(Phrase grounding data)
^^^^^^^^^^^^^^^^
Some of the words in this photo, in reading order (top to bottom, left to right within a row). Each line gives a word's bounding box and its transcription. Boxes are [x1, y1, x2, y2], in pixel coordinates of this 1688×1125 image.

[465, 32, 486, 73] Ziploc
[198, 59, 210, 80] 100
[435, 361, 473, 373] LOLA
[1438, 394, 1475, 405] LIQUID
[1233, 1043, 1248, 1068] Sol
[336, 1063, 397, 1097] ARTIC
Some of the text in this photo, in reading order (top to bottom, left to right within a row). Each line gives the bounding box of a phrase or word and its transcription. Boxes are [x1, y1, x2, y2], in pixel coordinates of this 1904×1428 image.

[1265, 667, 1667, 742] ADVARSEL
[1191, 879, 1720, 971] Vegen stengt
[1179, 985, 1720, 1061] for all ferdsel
^^^^^^^^^^^^^^^^
# [YOUR TASK]
Only the lines from the one with "Some of the text" through the last line above should be restated, word for word.

# [ANSWER TO THE PROBLEM]
Some of the text in this photo, in reading order (top to bottom, left to right within a row). Each line gives the bounding box of a phrase or word and its transcription. Boxes are [x1, y1, x2, y2], in pixel coordinates of this 1904×1428 image.

[1265, 667, 1667, 742] ADVARSEL
[1191, 879, 1720, 971] Vegen stengt
[1179, 985, 1720, 1061] for all ferdsel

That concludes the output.